Output the full listing below exactly; the images stay out.

EXERCISE INPUTS:
═══

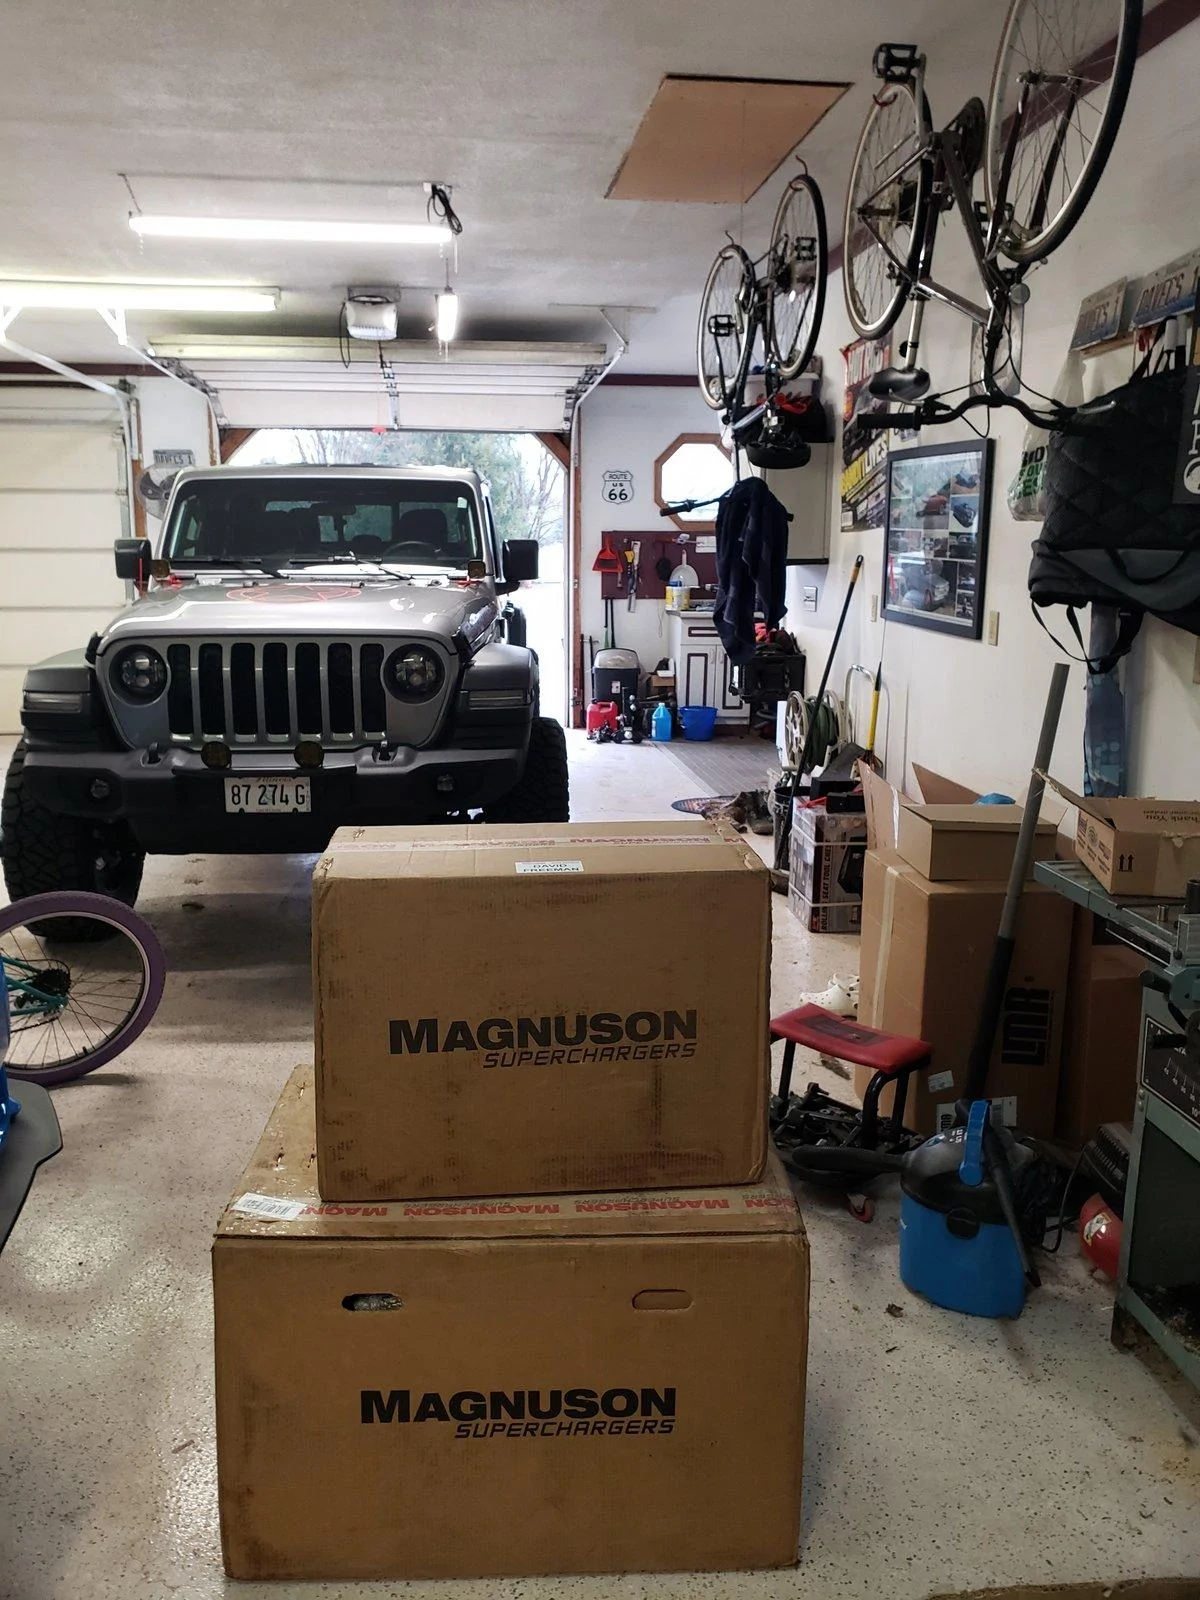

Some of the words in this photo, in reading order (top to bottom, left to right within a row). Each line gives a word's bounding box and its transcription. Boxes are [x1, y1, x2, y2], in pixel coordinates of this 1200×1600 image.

[608, 488, 628, 501] 66
[231, 784, 251, 806] 87
[258, 784, 290, 806] 274
[295, 784, 306, 806] G
[823, 863, 831, 881] TOOL
[389, 1009, 698, 1055] MAGNUSON
[482, 1042, 698, 1069] SUPERCHARGERS
[403, 1204, 560, 1216] MAGNUSON
[575, 1199, 730, 1213] MAGNUSON
[360, 1387, 677, 1424] MAGNUSON
[454, 1418, 676, 1439] SUPERCHARGERS

═══

OUTPUT OF THE EXERCISE:
Some of the words in this photo, in reading order (top to bottom, left to right within a row). Each line gives a word's bounding box and its transcription. Boxes are [x1, y1, x2, y2], in pixel coordinates of this 1200×1600 image.

[608, 488, 628, 501] 66
[231, 784, 251, 806] 87
[258, 784, 290, 806] 274
[295, 784, 306, 806] G
[823, 863, 831, 881] TOOL
[389, 1009, 698, 1055] MAGNUSON
[482, 1042, 698, 1069] SUPERCHARGERS
[403, 1204, 560, 1216] MAGNUSON
[575, 1199, 730, 1213] MAGNUSON
[360, 1387, 677, 1424] MAGNUSON
[454, 1418, 676, 1439] SUPERCHARGERS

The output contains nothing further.